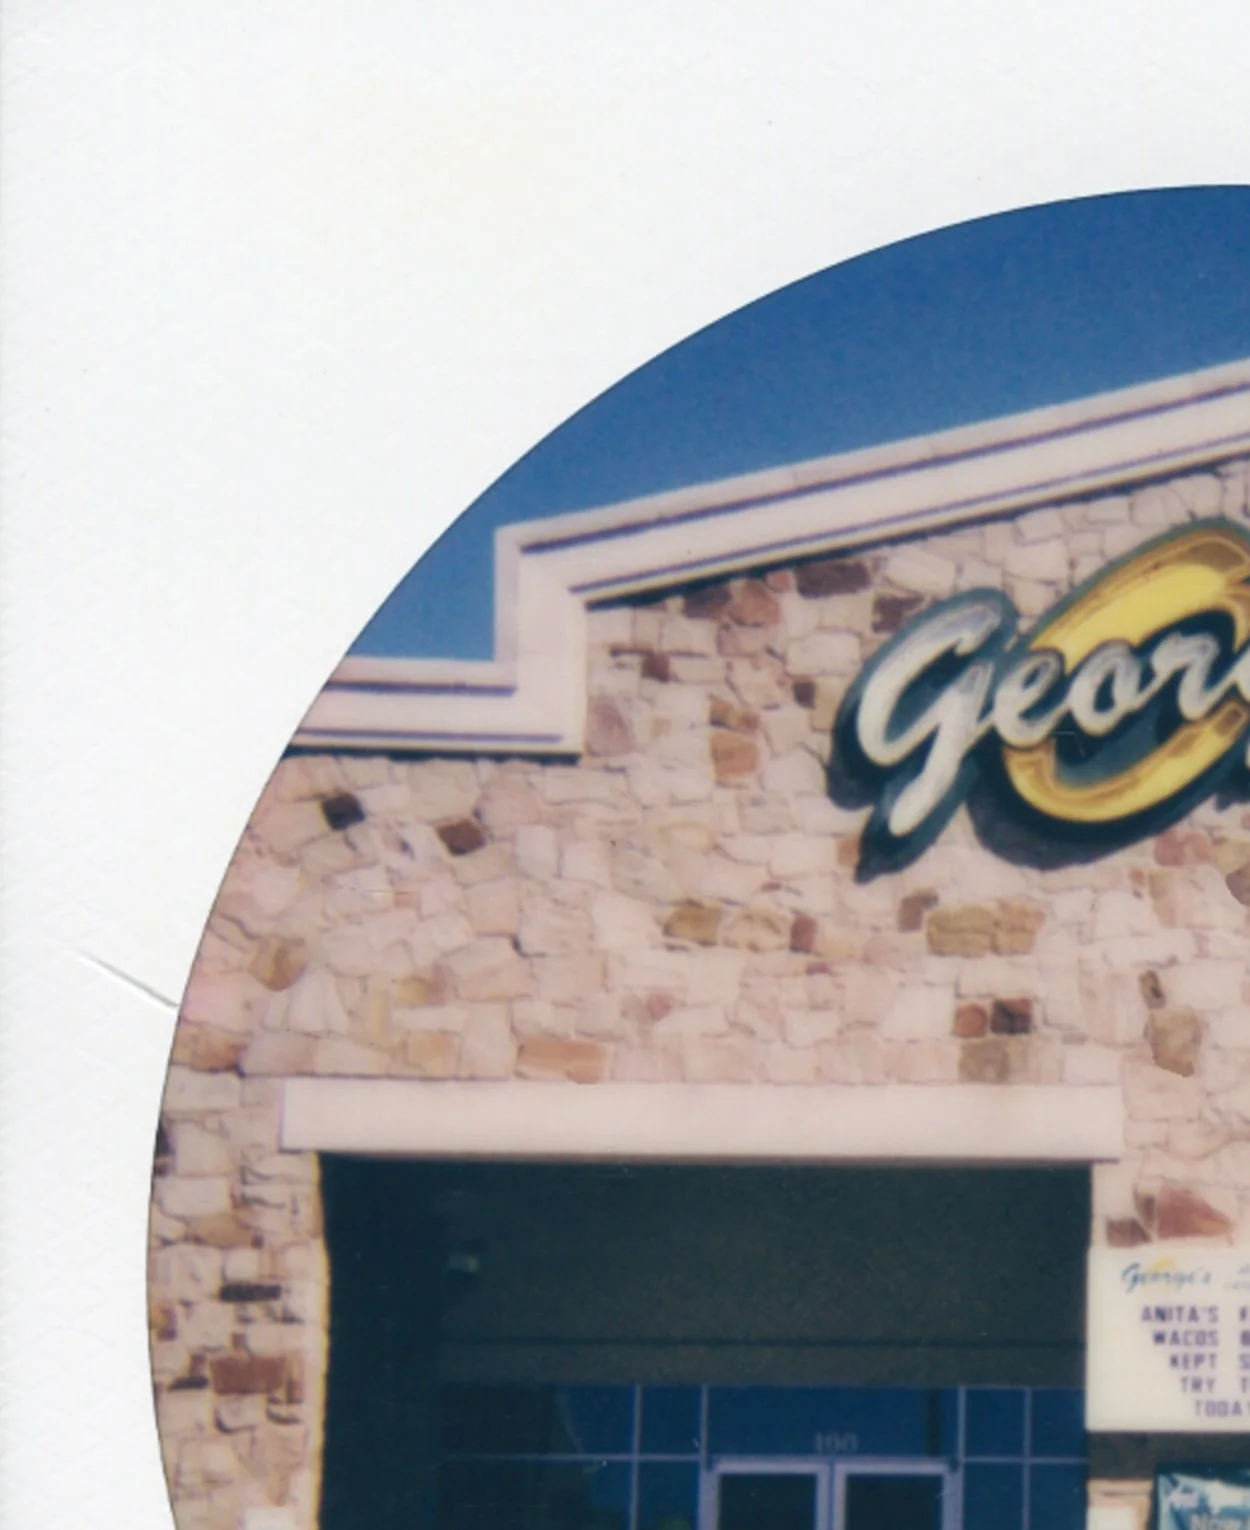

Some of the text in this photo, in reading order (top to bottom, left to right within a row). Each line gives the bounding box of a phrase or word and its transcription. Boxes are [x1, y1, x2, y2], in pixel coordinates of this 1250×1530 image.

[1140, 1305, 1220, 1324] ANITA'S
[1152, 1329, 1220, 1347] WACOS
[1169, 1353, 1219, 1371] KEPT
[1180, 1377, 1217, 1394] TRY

_ _ _

WORK REQUIRED: Return the full listing exactly as written, without any of its images.

THE COMPLETED TASK:
Some of the text in this photo, in reading order (top to bottom, left to right within a row). Each line gives the bounding box of a phrase or word and its transcription. Boxes are [x1, y1, x2, y2], in pixel coordinates of this 1250×1530 image.

[1140, 1305, 1220, 1324] ANITA'S
[1152, 1329, 1220, 1347] WACOS
[1169, 1353, 1219, 1371] KEPT
[1180, 1377, 1217, 1394] TRY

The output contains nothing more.